Витька жаловался: этой морозной зимой им пришлось туго. Зимой труднее играть, чем летом. Чтобы в инструменте не образовывался слой льда от дыхания, приходится работать парами — пока играет один, другой успевает отогреться в машине, чтоб музыка не прерывалась. Замерзшие клапаны музыканты отогревают собственным телом. Зимой тарелки звучат иначе, они как будто высекают из воздуха морозные искры, не говоря уж о темпе похоронного марша, который на холоде значительно убыстряется, едва удерживаясь в границах приличия... Играют иногда до «первой лопаты», иногда «до холмика» — все зависит от нанимателя и от толщины его кошелька. Чаще всего — «до холмика». Тогда с «первой лопаты» музыканты начинают филировать — музыка постепенно затихает...
Жена строчила в блокнот, я теребил Витьку вопросами:
— Витька, что ты скажешь Богу в свое оправдание, когда он призовет тебя и потребует ответа: почему ты зарыл свой талант?
Витька отхлебнул пива, подумал и сказал:
— Скажу: прости меня, Господь милосердный.
Оторвавшись от блокнота, жена сказала:
— Бог не будет ничего от нас требовать — это распространенное заблуждение. Кто мы — а кто Он? Зачем Ему это нужно: слушать, как мы малодушно извиваемся, словно уж на сковороде, ищем себе оправдания, какие-то слова в свою защиту, которые Он знает наперед? Мы будем сидеть перед Ним руки на коленках, смотреть на Него во все глаза и помалкивать. А Он, весь в белых молниях, будет поглядывать на нас сверху вниз и тоже молчать. И в этом молчании и будет протекать наша вечность...
Ответ художника. Эта картина меня поразила — как мы будем сидеть и обмениваться многозначительными взглядами с Создателем. Дальнейшее — молчанье. Действительно — о чем еще с нами говорить? Конечно, времени у Него, как и всего остального, вдосталь — чем больше ангелов, тем светлей и просторней вокруг становится, чем больше дел, тем время бесконечней, дробится и растягивается безмерно — так, чтоб на каждого хватило, на каждую новопреставленную душу, чтобы каждый нашел у Него то, что искал, кто-то — воспитательную беседу, кто-то — тишину и молчание. Поскольку все в этом мире сбывается, стоит только слово промолвить или даже помыслить, где-то сидит сейчас она, сложив руки на коленях, смотрит вперед и вверх и видит то, что мы представить себе не можем, сидит, молчит, думает, ушла в свое молчание, как в схиму, навечно и ушла, а Господь отвечает ей тем же. Ушла.
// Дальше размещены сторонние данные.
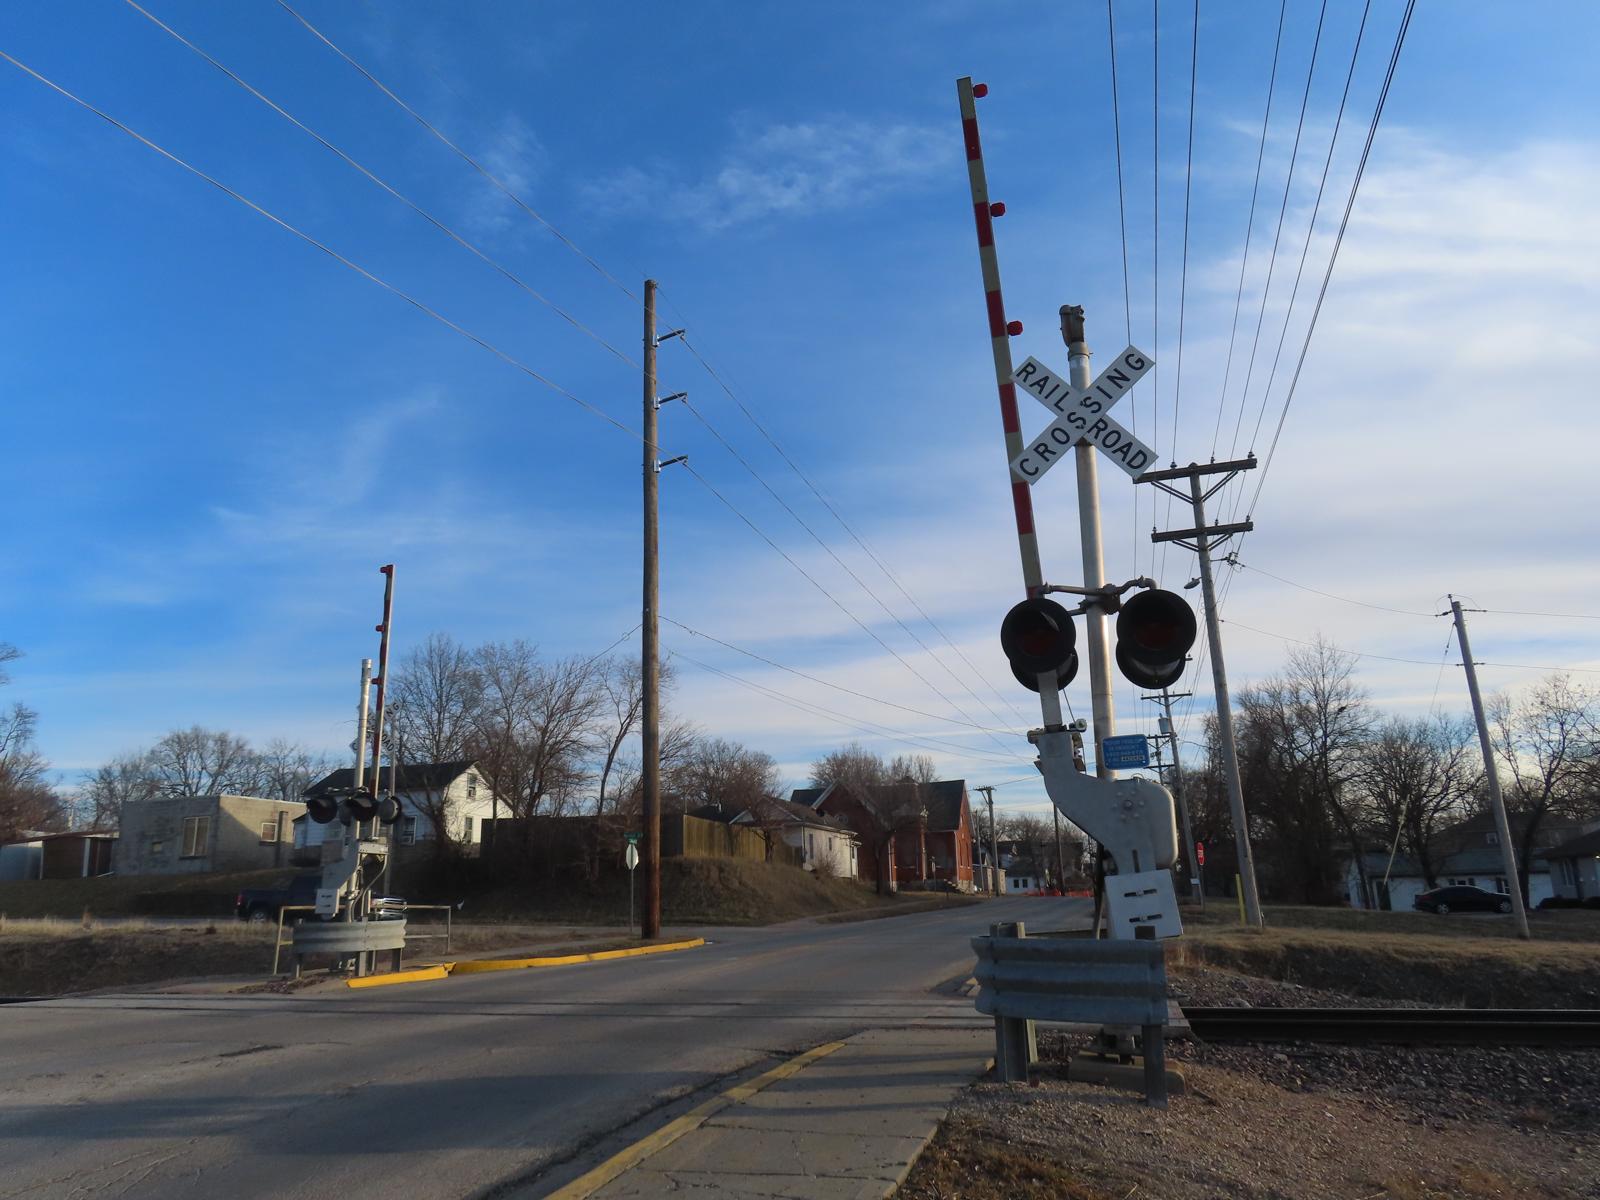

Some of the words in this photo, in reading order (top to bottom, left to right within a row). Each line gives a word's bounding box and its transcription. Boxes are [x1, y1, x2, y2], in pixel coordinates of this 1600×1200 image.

[1016, 362, 1070, 412] RAIL
[1087, 418, 1147, 469] ROAD
[1020, 354, 1145, 475] CROSSING
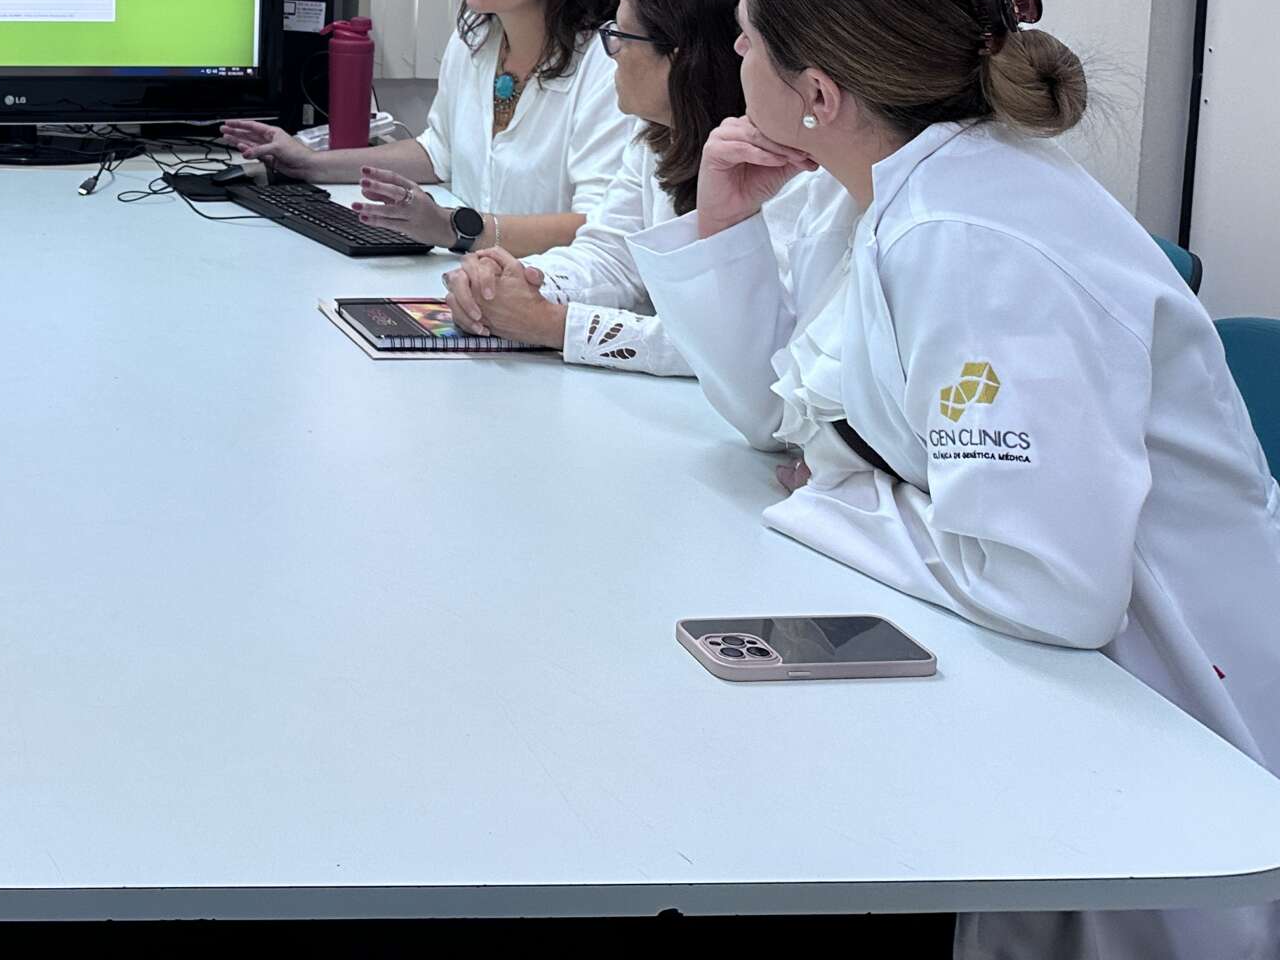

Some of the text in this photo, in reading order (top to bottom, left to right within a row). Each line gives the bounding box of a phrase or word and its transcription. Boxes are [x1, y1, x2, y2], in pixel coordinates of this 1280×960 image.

[15, 96, 28, 105] LG
[929, 428, 1031, 450] GEN CLINICS
[953, 452, 961, 460] DE
[998, 451, 1031, 463] MÉDICA
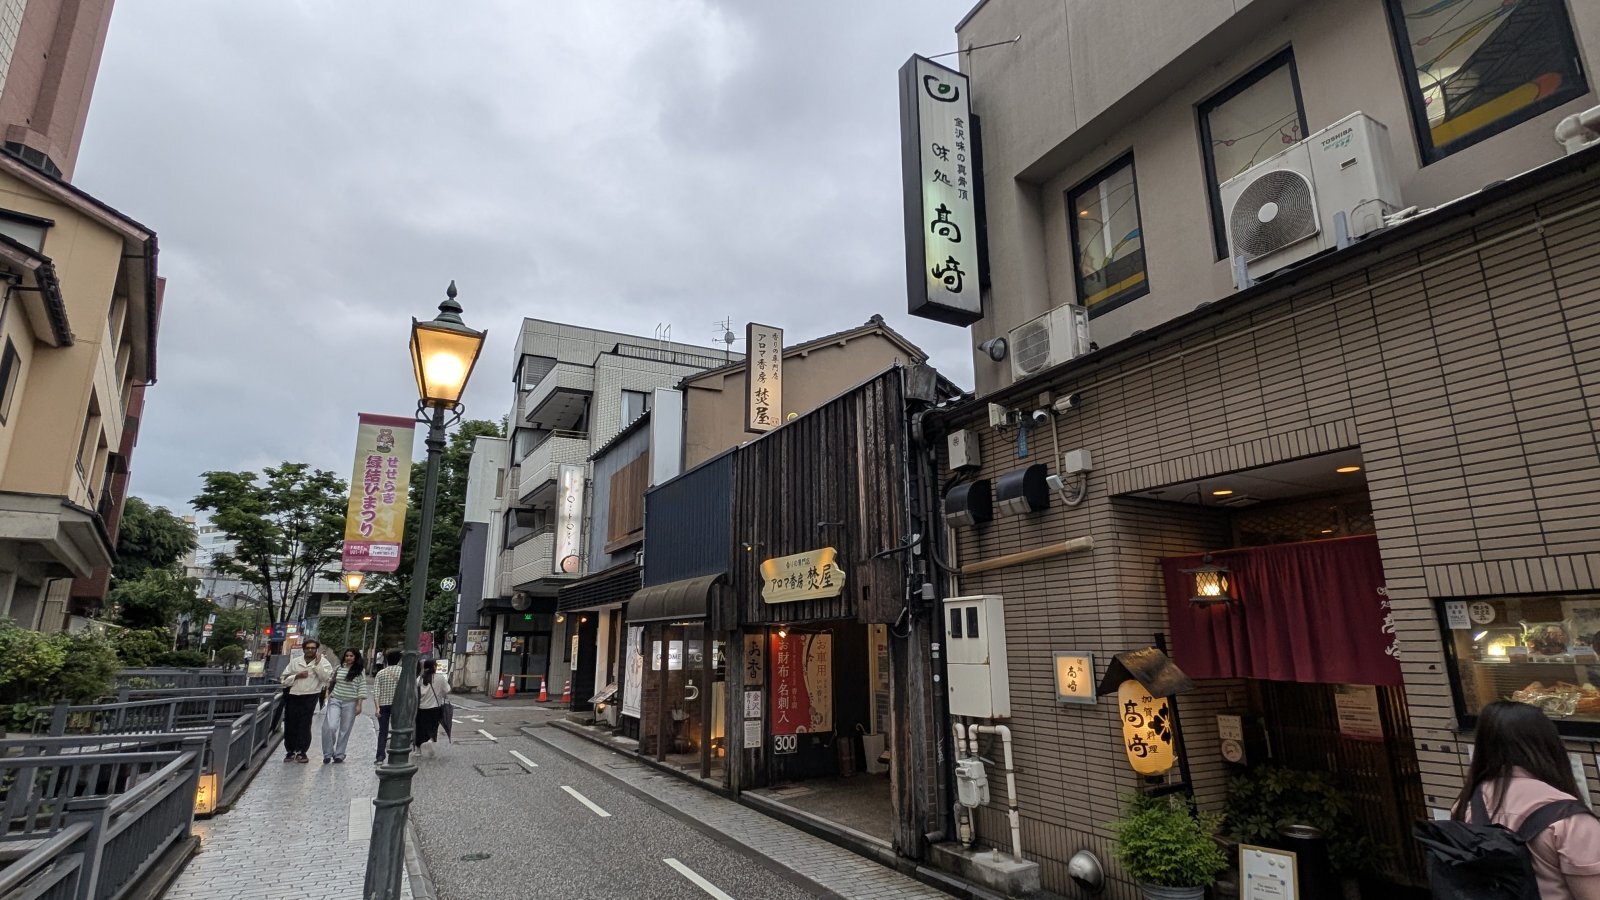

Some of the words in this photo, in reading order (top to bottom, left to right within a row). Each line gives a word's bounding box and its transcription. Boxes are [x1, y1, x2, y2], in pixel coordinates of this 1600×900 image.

[953, 116, 969, 201] 金沢味の真骨頂
[1321, 127, 1353, 147] TOSHIBA
[756, 333, 768, 384] アロマ香房
[382, 456, 399, 504] せせらぎ
[816, 639, 827, 677] お車用
[775, 735, 796, 751] 300
[1141, 695, 1160, 753] 加賀料理
В тот день у метро купили яблок и черешен. Черники не было. Приехали в хоспис. Ее уже приготовили — на грудь наложили повязку, укрыли простыней. Встретила нас подобием улыбки. Заплетающимся языком пролепетала, что она «волновалась», а теперь, с нашим появлением, «успокоилась». Сел рядом, взял ее за безвольную руку. Разобрал фразу: «Как в Восходе?..» «Хорошо, — сказал. — Много земляники». Дочь стала ее кормить черешней. «А чернички?..» — спросила. Чернички не было. Были молодые яблоки, грушевка мелкая подмосковная. Она взяла левой яблоко и пару раз надкусила, правая лежала в моей неподвижно, как мертвая. Силилась что-то сказать. Я ответил: «Помолчи, если трудно говорить». Она послушно кивнула: «Да, трудно». Потом попросила меня выйти — чтоб оправиться. Стыд в женщине, как и надежда, умирает последним.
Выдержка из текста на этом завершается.